The colloquy is a ritual that has developed for the return and recording of a verdict in a criminal case. Commonwealth v. Martell, 407 Mass. 288, 292 & n.4 (1990). See Mass. R. Crim. P. 27 (a), 378 Mass. 897 (1979), and Mass. R. Crim. P. 28 (a), 378 Mass. 898 (1979) (requiring unanimous verdict declared in open court). The colloquy itself is not required by rule or statute.

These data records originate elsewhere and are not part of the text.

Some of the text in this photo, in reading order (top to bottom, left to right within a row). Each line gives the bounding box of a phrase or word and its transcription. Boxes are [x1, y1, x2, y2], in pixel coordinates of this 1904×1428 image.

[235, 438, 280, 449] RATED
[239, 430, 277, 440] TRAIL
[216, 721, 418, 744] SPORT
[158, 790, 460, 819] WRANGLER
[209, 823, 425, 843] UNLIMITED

See Commonwealth v. Martell, supra; Commonwealth

v. Tobin, 125 Mass. 203, 206 (1878) ("settled practice" to use colloquy). Its purpose is to allow jurors to express dissent to the court because "[s]uch an affirmation is the only evidence the court can receive of the free and unanimous assent of the jury to the verdict." Rich v. Finley, 325 Mass. 99, 106 (1949).7 Thus, in Rich v. Finley, supra, where one juror died before the jury announced their verdict in open court, the affirmation of the other eleven jurors was held insufficient because the law required that "a verdict can be rendered only by the final concurrence of twelve jurors." Id.

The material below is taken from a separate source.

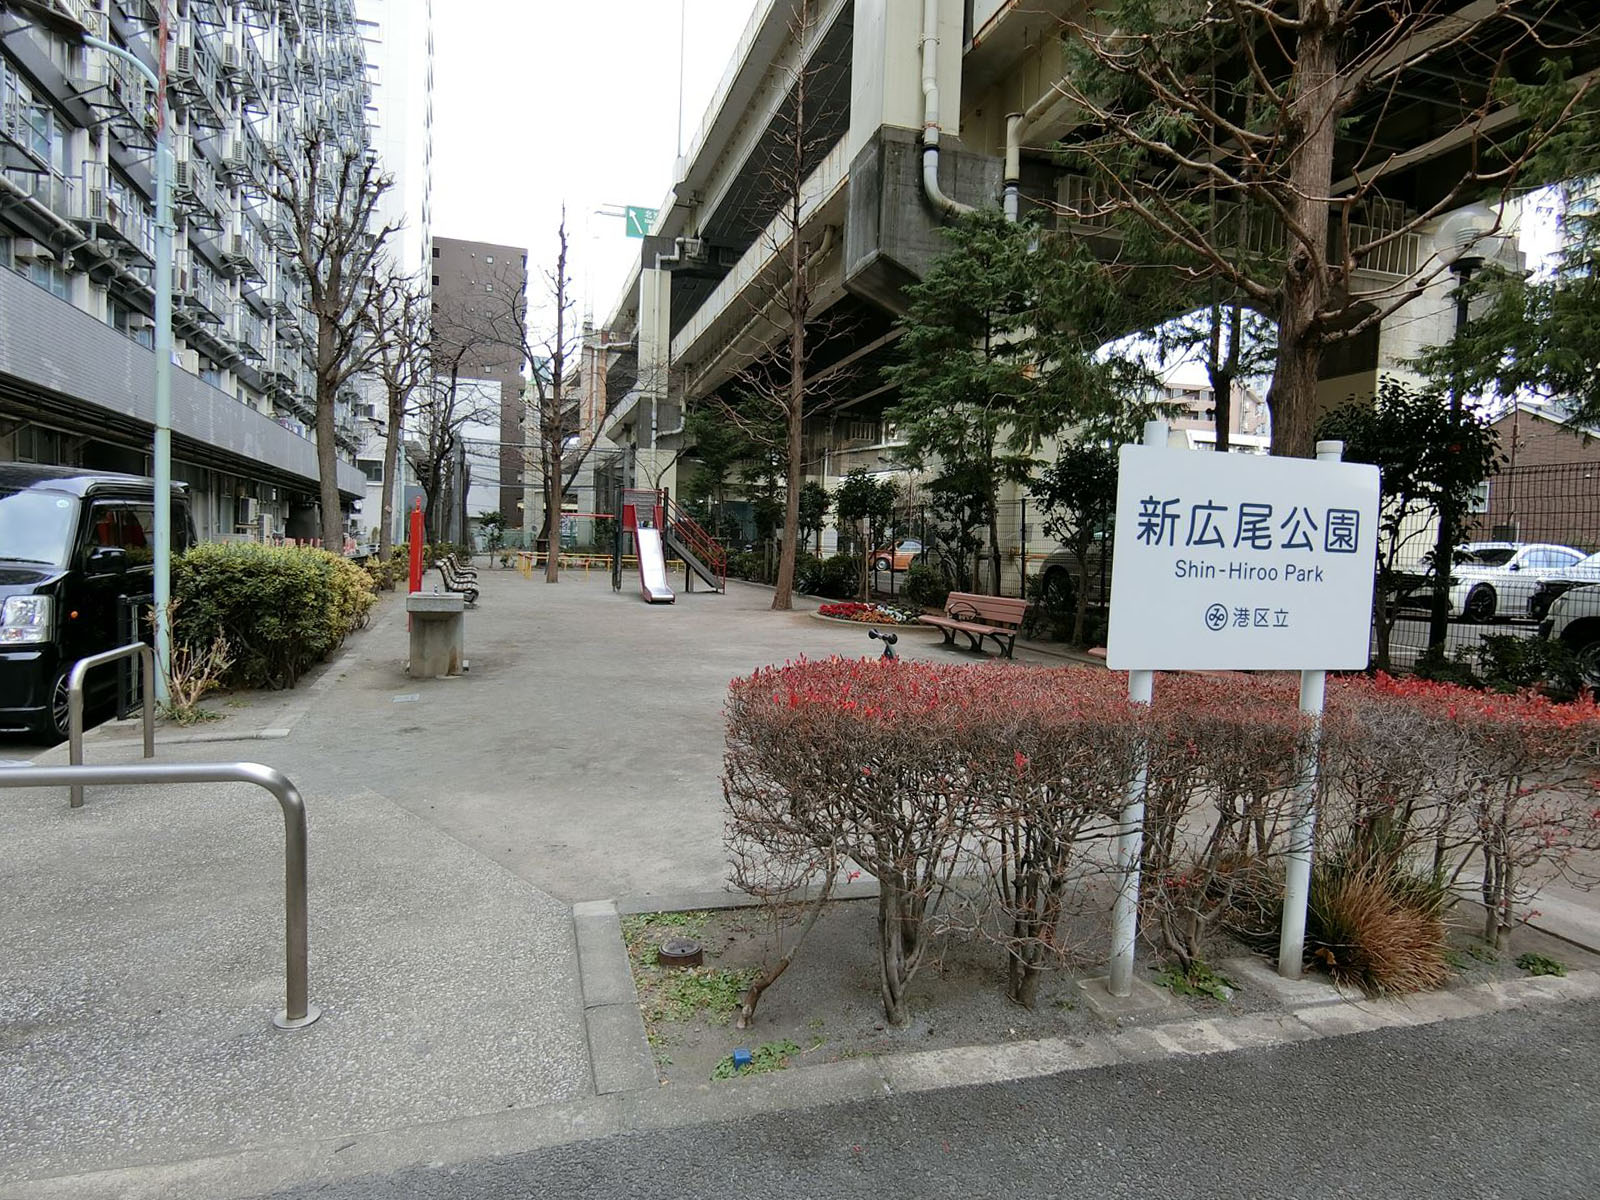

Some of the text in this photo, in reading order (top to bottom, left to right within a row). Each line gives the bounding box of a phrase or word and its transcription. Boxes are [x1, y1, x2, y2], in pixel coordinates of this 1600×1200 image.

[1137, 495, 1360, 554] 新広尾公園
[1174, 559, 1324, 583] Shin-Hiroo Park
[1232, 607, 1289, 628] 港区立

However, in Commonwealth v. Lawson, 425 Mass. 528, 531-532 (1997), we allowed a verdict to stand where the clerk read the colloquy but there was no record of the jury's answer. We said that the members of the jury were afforded ample opportunity to express their dissent with each verdict as it was returned. We also said there was sufficient evidence of the jury's affirmation in light of the foreperson's announcement, the clerk's proclamation and colloquy in the presence of the jury in open court, and the notation of guilty on the verdict slip following the colloquy. Id. at 532. In Commonwealth v. Clements, 36 Mass. App. Ct. 205, 206-208 (1994), the Appeals Court upheld a verdict where the clerk initiated a colloquy but failed to ask for the actual verdict.